La necessità di tali indicazioni si è resa necessaria in quanto si è verificato spesso che le stazioni appaltanti abbiano preso in considerazione per l’individuazione dell’offerta economicamente più vantaggiosa i requisiti che attengono alla capacità tecnica dell’imprenditore e non alla qualità dell’offerta, in violazione pertanto alla normativa comunitaria in materia di appalti di pubblici servizi.
Infatti, sottolinea la circolare, è necessario distinguere tra criteri di idoneità dell’imprenditore (che comportano la selezione dell’offerente) e criteri di aggiudicazione (che comportano la selezione dell’offerta).
Anche se le due operazioni possono essere eseguite contestualmente, esse sono disciplinate da norme diverse.
Gli elementi attinenti all’esperienza o alla qualifica professionale e, in generale, alla capacità tecnica, economica o finanziaria del prestatore (come ad esempio le licenze o le certificazioni, il curriculum, ecc.) possono essere utilizzati unicamente ai fini della selezione dei concorrenti e non possono quindi essere presi in considerazione al momento di valutazione dell’offerta.
Nella scelta dell’offerta economicamente più vantaggiosa, infatti, possono essere presi in considerazione solamente le modalità attraverso le quali il prestatore prevede di eseguire il servizio. Ciò significa che si possono determinare la qualità ed il valore tecnico dell’offerta prendendo in considerazione elementi come il metodo e l’organizzazione del lavoro, ovvero la composizione del team proposto per lo svolgimento del servizio.
I criteri suddetti devono costituire oggetto di adeguata pubblicità da parte delle stazioni appaltanti, in quanto tali indicazioni assicurano il rispetto della concorrenza nell’ambito dei principi sanciti dalle disposizione Europee.
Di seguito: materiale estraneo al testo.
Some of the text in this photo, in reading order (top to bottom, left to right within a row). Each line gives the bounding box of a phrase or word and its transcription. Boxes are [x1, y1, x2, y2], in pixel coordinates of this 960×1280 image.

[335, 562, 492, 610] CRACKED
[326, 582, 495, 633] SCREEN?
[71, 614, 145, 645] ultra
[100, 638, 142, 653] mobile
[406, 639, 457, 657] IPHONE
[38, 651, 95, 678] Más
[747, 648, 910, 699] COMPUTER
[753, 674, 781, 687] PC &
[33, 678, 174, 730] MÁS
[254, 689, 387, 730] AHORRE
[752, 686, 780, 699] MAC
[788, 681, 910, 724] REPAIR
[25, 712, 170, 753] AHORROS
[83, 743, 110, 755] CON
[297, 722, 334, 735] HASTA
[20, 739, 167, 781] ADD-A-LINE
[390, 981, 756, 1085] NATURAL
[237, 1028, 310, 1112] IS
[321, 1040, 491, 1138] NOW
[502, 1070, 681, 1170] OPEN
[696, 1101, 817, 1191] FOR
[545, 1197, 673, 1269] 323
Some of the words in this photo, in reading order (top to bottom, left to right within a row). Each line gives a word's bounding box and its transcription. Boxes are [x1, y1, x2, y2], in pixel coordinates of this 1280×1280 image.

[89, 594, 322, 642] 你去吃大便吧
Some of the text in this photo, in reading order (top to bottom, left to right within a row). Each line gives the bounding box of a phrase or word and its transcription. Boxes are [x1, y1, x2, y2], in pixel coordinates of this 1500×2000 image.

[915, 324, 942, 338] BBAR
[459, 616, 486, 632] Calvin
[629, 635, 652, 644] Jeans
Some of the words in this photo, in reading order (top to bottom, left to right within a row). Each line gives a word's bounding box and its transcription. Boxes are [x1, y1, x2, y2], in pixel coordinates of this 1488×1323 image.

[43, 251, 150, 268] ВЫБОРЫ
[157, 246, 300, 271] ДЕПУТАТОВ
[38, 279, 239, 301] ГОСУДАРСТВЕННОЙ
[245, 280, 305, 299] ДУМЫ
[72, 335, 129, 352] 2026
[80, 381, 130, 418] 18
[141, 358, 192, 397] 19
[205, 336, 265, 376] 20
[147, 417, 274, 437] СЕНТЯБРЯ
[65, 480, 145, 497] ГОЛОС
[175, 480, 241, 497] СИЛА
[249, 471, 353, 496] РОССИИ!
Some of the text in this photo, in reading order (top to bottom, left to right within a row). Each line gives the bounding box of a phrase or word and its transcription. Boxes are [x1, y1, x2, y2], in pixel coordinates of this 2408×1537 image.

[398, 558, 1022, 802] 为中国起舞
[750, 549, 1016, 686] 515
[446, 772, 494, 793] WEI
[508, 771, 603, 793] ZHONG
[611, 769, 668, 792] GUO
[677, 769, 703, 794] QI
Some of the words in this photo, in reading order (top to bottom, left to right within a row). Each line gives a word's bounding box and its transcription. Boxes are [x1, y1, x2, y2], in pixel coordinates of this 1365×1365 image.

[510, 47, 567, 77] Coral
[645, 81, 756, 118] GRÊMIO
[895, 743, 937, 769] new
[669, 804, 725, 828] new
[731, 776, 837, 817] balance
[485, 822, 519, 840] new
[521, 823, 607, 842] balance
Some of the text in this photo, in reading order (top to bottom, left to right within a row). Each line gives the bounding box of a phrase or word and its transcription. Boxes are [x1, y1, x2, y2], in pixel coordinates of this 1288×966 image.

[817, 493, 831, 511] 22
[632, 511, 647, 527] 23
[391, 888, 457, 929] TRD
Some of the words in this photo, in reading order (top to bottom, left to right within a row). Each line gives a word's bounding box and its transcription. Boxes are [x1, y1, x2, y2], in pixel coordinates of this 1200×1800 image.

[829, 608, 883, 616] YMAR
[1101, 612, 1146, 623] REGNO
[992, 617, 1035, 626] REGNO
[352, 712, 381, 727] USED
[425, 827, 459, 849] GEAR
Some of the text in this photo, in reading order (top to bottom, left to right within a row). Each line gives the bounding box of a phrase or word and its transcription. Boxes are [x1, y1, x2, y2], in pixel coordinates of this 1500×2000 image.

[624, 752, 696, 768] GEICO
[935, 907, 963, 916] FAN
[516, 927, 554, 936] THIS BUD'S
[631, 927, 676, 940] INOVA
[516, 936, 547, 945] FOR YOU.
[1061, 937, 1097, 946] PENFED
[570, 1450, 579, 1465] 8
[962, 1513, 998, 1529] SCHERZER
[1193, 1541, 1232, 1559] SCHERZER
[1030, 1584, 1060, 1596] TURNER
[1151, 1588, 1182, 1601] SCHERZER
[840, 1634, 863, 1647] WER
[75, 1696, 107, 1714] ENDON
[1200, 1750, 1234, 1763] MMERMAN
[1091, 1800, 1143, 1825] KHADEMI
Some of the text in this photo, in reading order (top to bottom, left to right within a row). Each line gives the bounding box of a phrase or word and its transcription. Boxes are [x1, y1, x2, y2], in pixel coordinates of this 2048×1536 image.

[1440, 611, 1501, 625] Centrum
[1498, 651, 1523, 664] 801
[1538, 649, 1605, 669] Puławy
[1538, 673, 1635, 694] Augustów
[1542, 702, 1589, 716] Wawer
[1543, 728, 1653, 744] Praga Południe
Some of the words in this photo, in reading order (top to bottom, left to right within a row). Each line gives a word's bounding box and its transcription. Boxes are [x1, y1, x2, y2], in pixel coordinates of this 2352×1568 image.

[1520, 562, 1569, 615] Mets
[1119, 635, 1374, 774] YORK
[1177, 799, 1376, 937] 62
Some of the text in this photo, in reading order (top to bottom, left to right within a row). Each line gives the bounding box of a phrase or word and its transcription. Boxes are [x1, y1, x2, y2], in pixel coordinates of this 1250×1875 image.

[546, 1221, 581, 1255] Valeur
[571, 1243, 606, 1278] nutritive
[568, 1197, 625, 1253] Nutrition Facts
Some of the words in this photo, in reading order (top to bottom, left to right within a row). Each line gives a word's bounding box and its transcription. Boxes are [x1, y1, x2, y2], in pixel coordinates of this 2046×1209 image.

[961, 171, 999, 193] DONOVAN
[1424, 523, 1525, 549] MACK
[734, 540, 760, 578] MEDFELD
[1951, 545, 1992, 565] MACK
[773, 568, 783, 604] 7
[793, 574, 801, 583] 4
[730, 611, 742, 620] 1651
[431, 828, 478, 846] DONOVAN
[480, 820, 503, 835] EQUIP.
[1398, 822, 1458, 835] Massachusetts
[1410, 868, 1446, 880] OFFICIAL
Si evidenzia, pertanto, che la selezione dell’offerta mediante l’utilizzo di criteri che attengono alla capacità tecnica dell’imprenditore deve ritenersi illegittima per violazione quindi delle regole comunitarie sopra accennate, con la possibilità di applicazioni di sanzioni pecuniarie da parte dell’Unione Europea, aspetto questo che potrebbe comportare l’ipotesi di responsabilità amministrativa per danno erariale a carico del funzionario che via abbia dato causa.